Segment Open
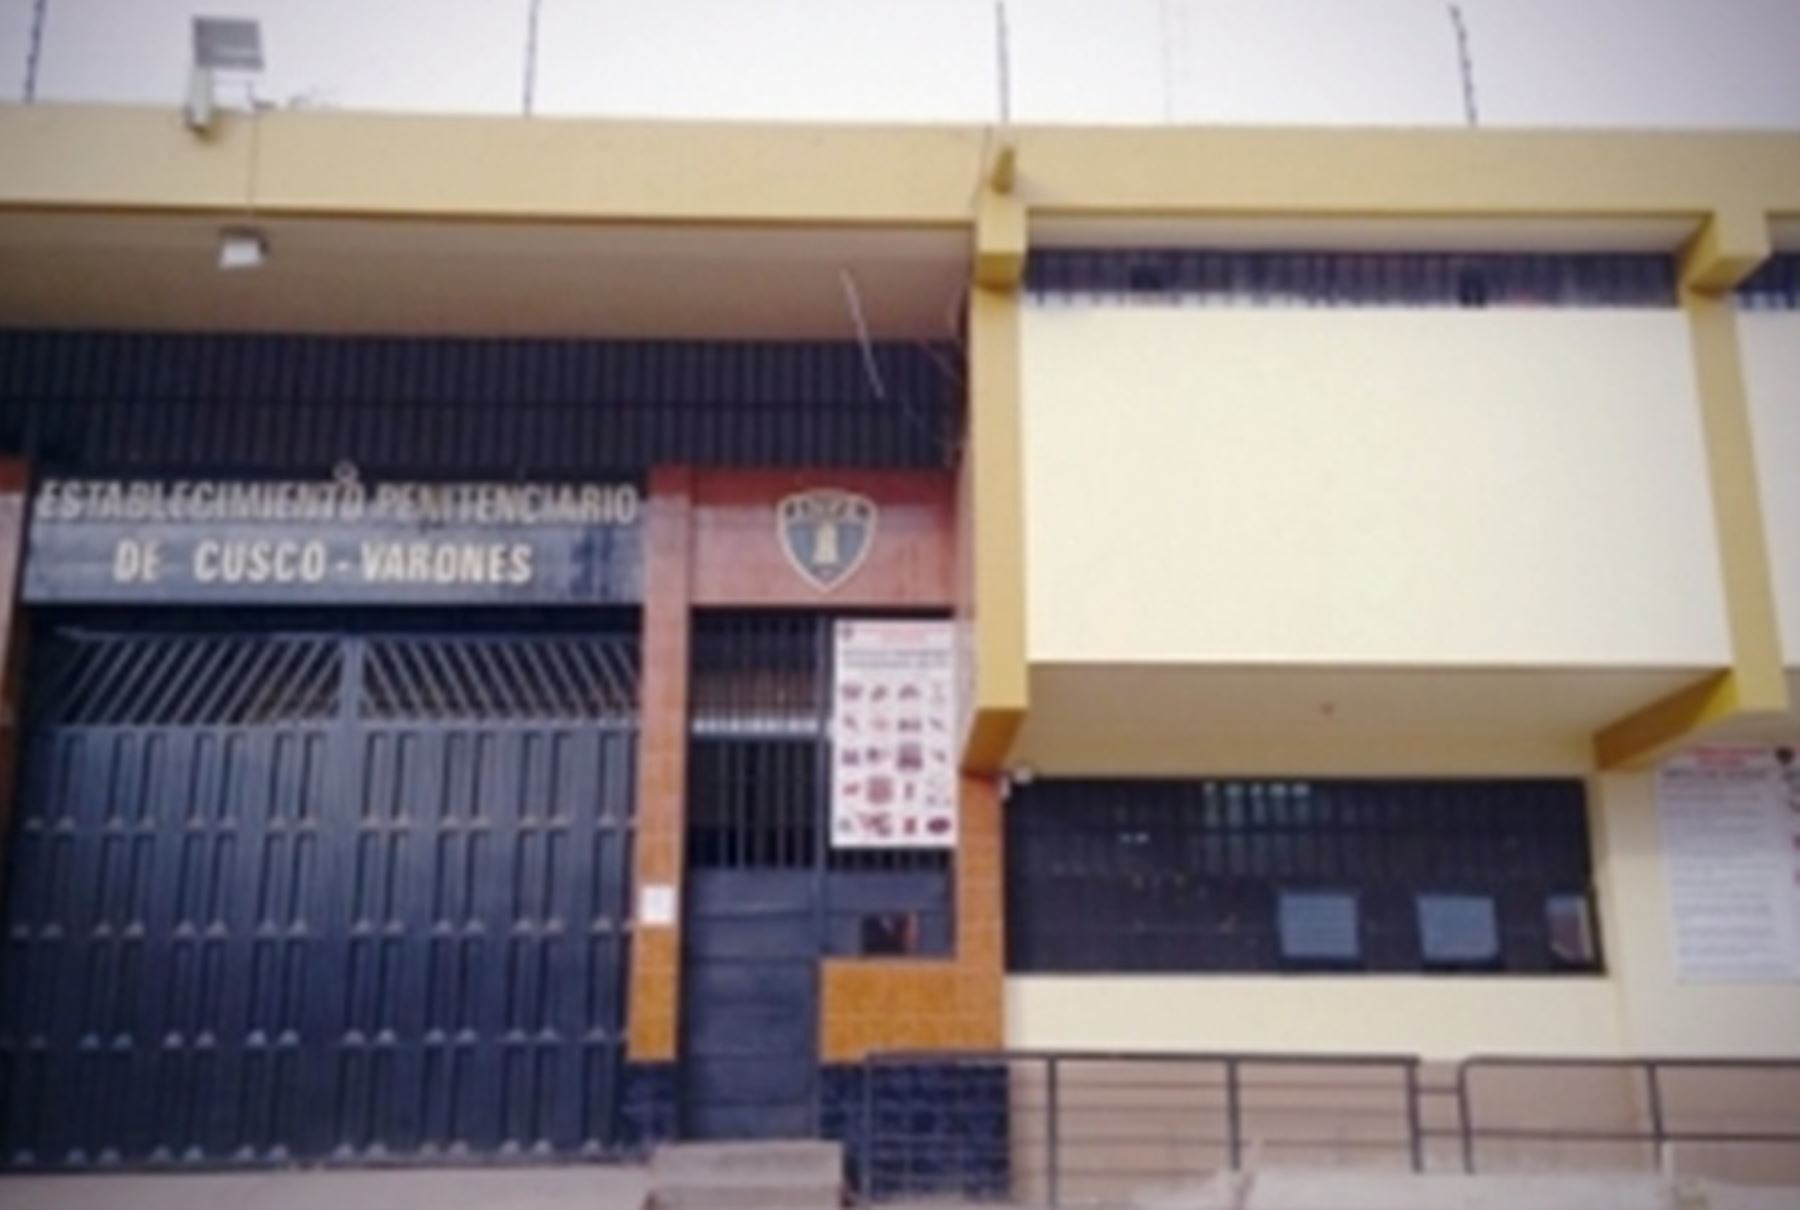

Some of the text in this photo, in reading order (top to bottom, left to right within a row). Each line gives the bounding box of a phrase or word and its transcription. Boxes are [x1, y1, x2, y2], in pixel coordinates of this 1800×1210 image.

[36, 479, 638, 523] ESTABLECIMIENTO PENITENCIARIO
[113, 540, 161, 582] DE
[193, 540, 326, 582] CUSCO
[360, 542, 533, 584] VARONES
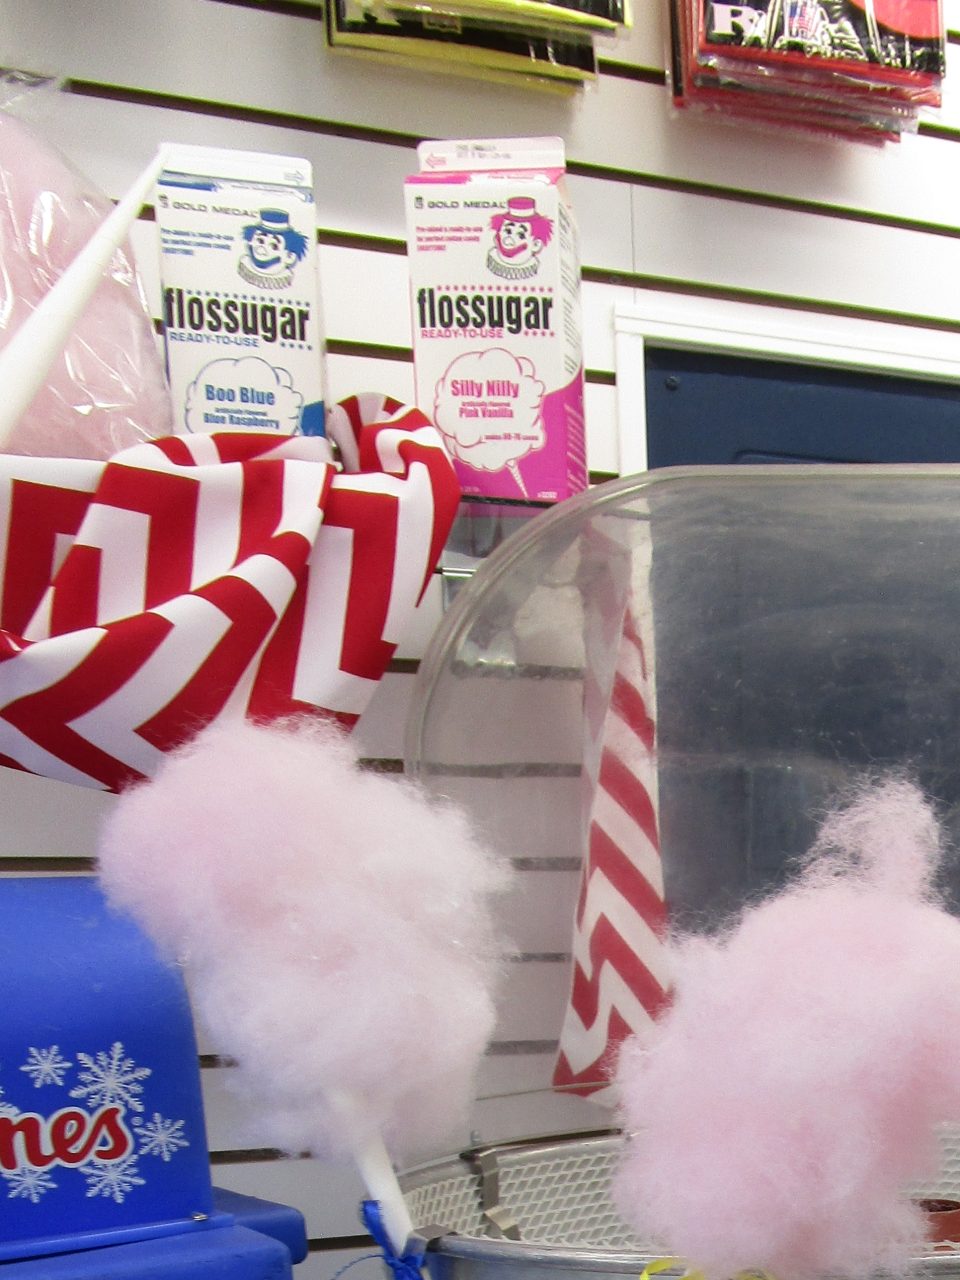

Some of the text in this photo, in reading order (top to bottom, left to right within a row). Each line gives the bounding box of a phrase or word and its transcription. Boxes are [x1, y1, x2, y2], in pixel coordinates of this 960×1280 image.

[172, 201, 257, 219] GOLD MEDAL
[427, 200, 506, 209] GOLD MEDAL
[164, 287, 310, 342] flossugar
[417, 287, 553, 334] flossugar
[170, 332, 260, 348] READY-TO-USE
[421, 329, 504, 339] READY-TO-USE
[205, 384, 276, 406] Boo Blue
[451, 380, 520, 397] Silly Nilly
[204, 413, 280, 430] Blue Raspberry
[459, 407, 514, 419] Pink Vanilla
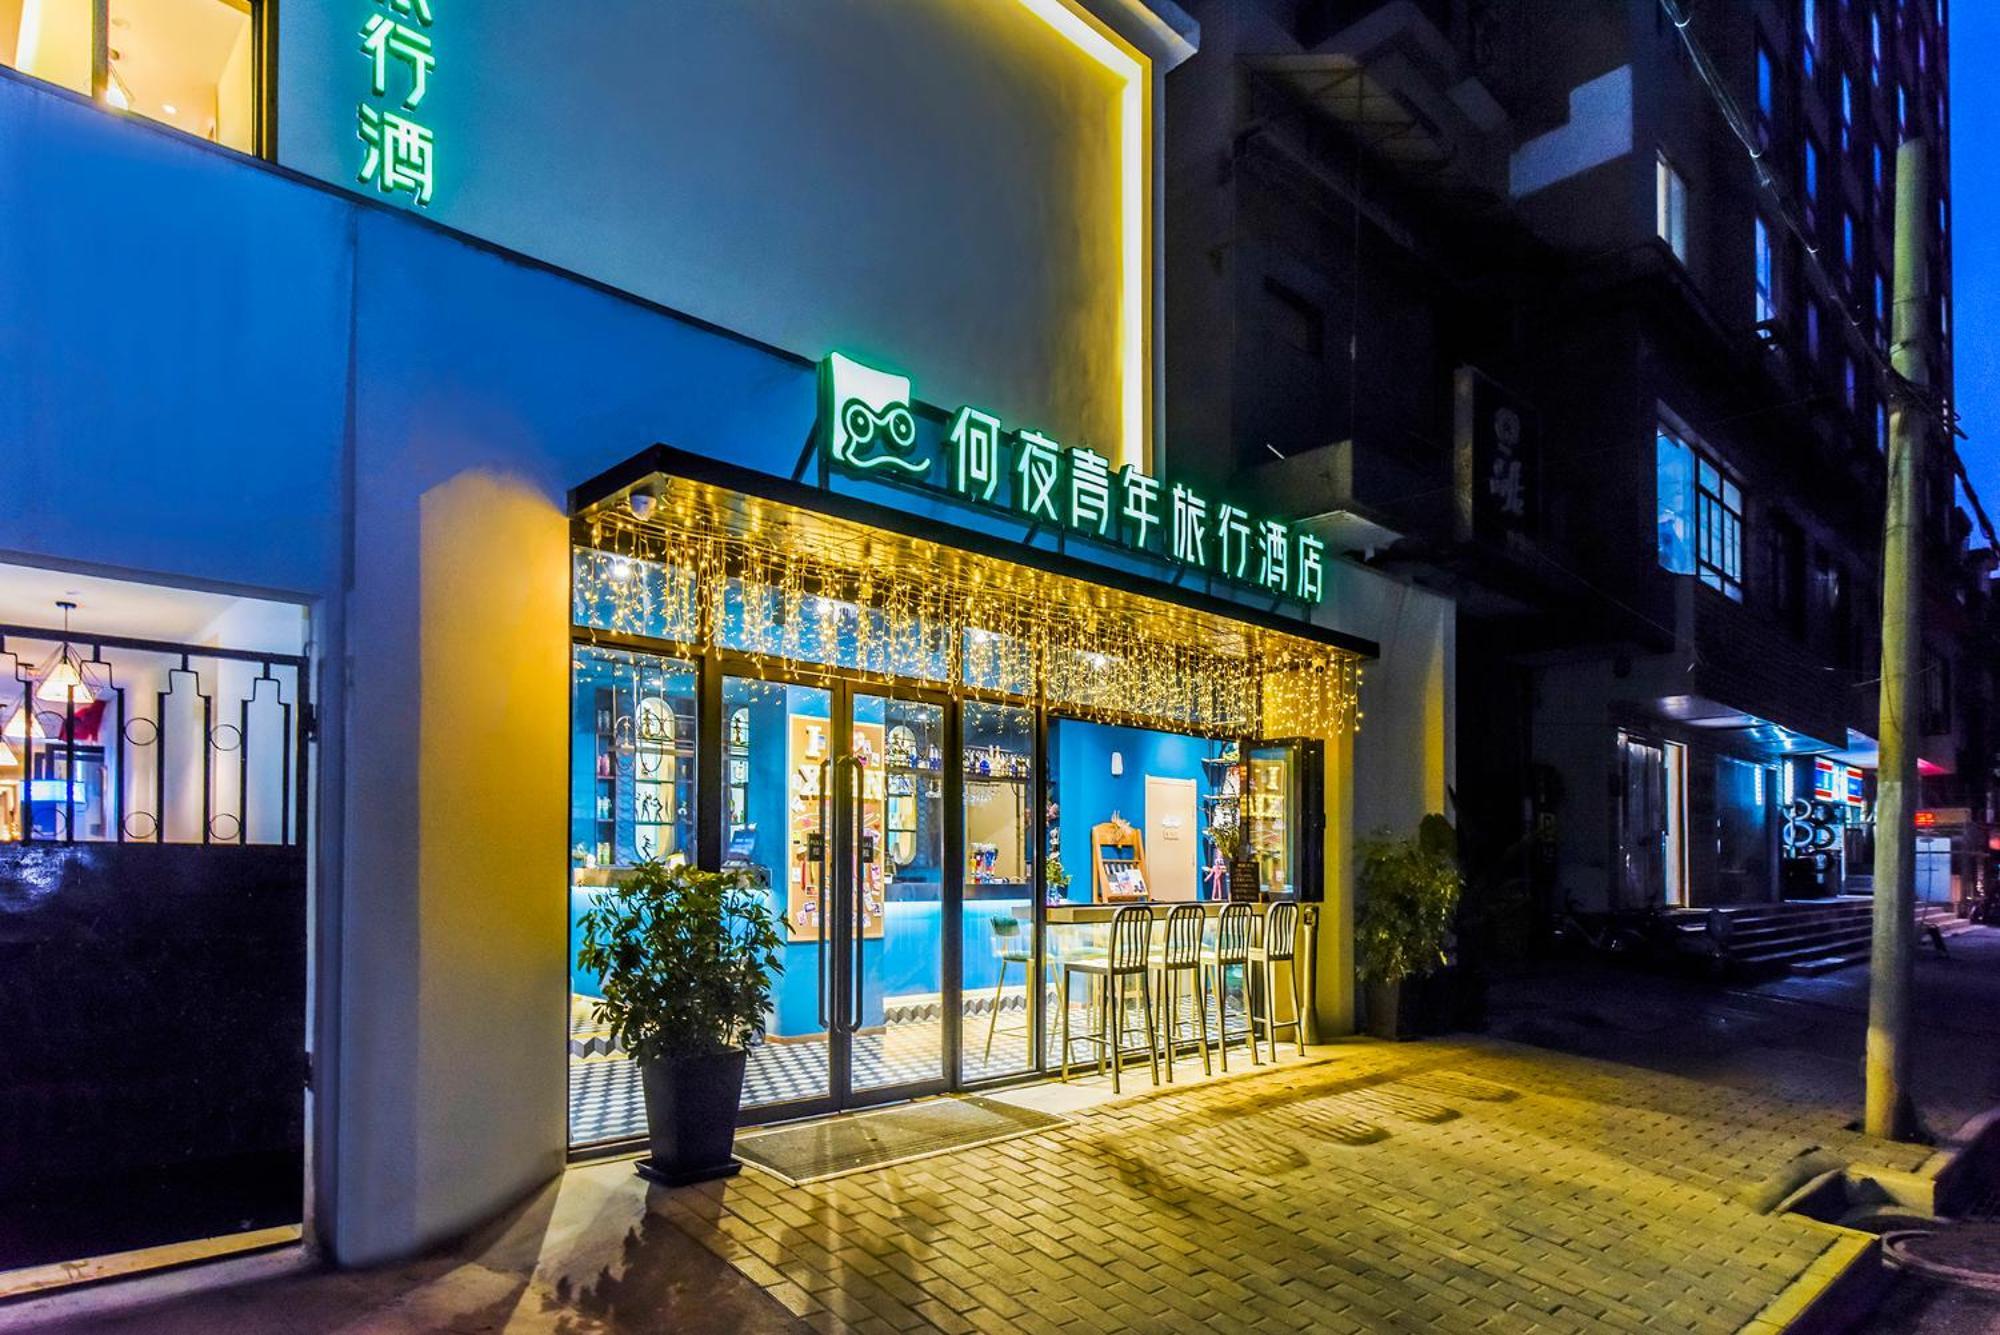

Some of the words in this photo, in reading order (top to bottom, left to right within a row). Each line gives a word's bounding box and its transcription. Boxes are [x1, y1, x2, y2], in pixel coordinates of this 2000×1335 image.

[358, 0, 436, 205] 行酒
[949, 405, 1325, 603] 何夜青年旅行酒店
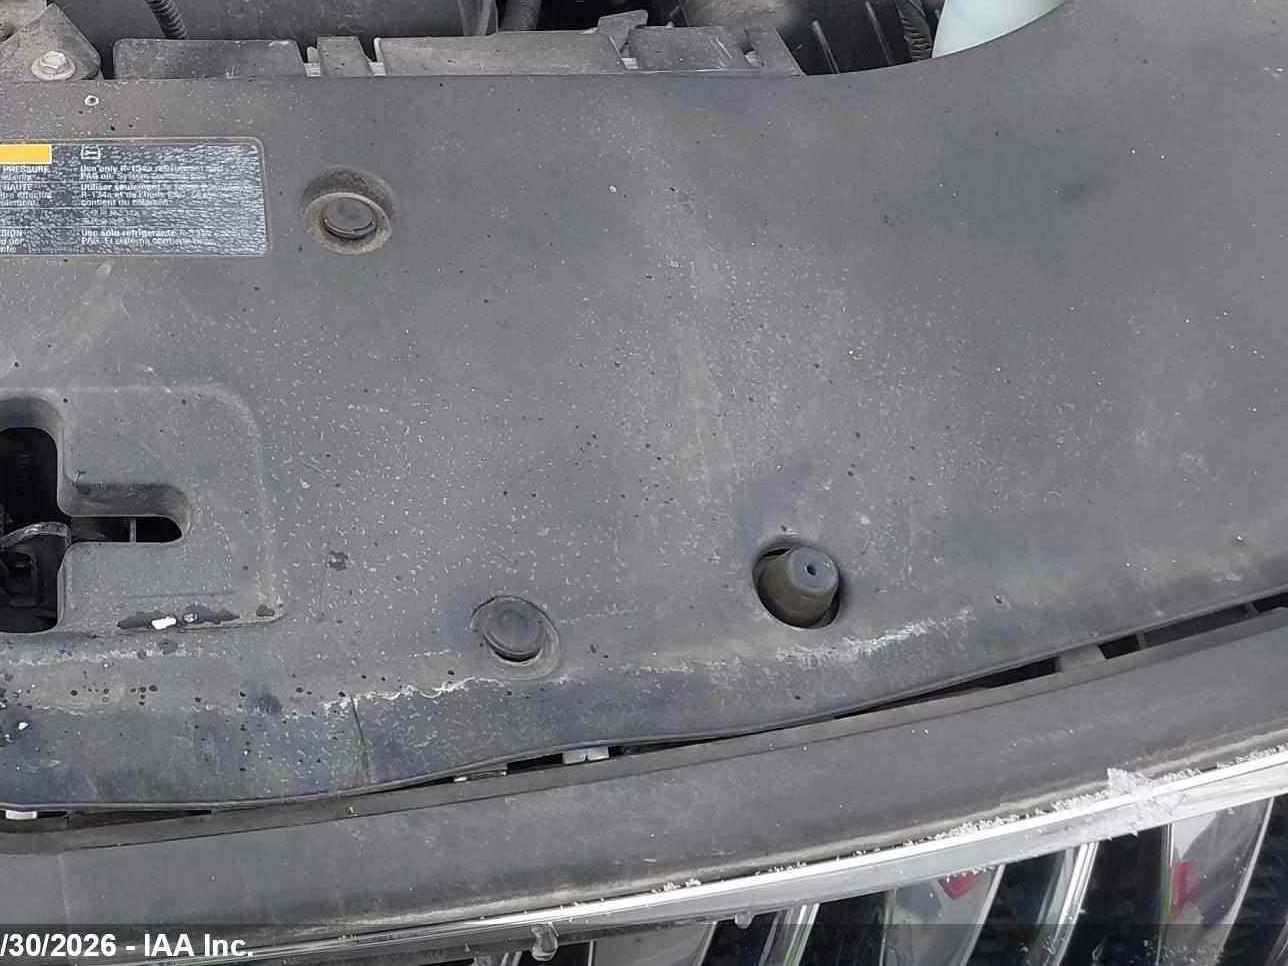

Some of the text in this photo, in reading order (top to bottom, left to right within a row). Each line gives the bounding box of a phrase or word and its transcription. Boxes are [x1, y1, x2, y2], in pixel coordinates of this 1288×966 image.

[2, 165, 50, 173] PRESSURE
[80, 165, 97, 173] Use
[98, 165, 118, 174] only
[80, 199, 116, 207] contient
[81, 229, 98, 237] Use
[122, 229, 175, 238] refrigerante
Segment Closed
◆ Your instructions: Every line of the data should be transcribed exactly. Omit the images.

◆ Written solution:
Some of the text in this photo, in reading order (top to bottom, left to right within a row). Each line gives the bounding box of a phrase or word and its transcription. Boxes are [x1, y1, x2, y2], in pixel coordinates of this 1800×1210 image.

[36, 479, 638, 523] ESTABLECIMIENTO PENITENCIARIO
[113, 540, 161, 582] DE
[193, 540, 326, 582] CUSCO
[360, 542, 533, 584] VARONES

Some of the text in this photo, in reading order (top to bottom, left to right within a row). Each line gives the bounding box of a phrase or word and its transcription. Boxes are [x1, y1, x2, y2], in pixel coordinates of this 960×1280 image.

[172, 201, 257, 219] GOLD MEDAL
[427, 200, 506, 209] GOLD MEDAL
[164, 287, 310, 342] flossugar
[417, 287, 553, 334] flossugar
[170, 332, 260, 348] READY-TO-USE
[421, 329, 504, 339] READY-TO-USE
[205, 384, 276, 406] Boo Blue
[451, 380, 520, 397] Silly Nilly
[204, 413, 280, 430] Blue Raspberry
[459, 407, 514, 419] Pink Vanilla

Some of the words in this photo, in reading order (top to bottom, left to right within a row). Each line gives a word's bounding box and its transcription. Boxes are [x1, y1, x2, y2], in pixel coordinates of this 2000×1335 image.

[358, 0, 436, 205] 行酒
[949, 405, 1325, 603] 何夜青年旅行酒店

Some of the text in this photo, in reading order (top to bottom, left to right within a row). Each line gives the bounding box of a phrase or word and its transcription. Boxes are [x1, y1, x2, y2], in pixel coordinates of this 1288×966 image.

[2, 165, 50, 173] PRESSURE
[80, 165, 97, 173] Use
[98, 165, 118, 174] only
[80, 199, 116, 207] contient
[81, 229, 98, 237] Use
[122, 229, 175, 238] refrigerante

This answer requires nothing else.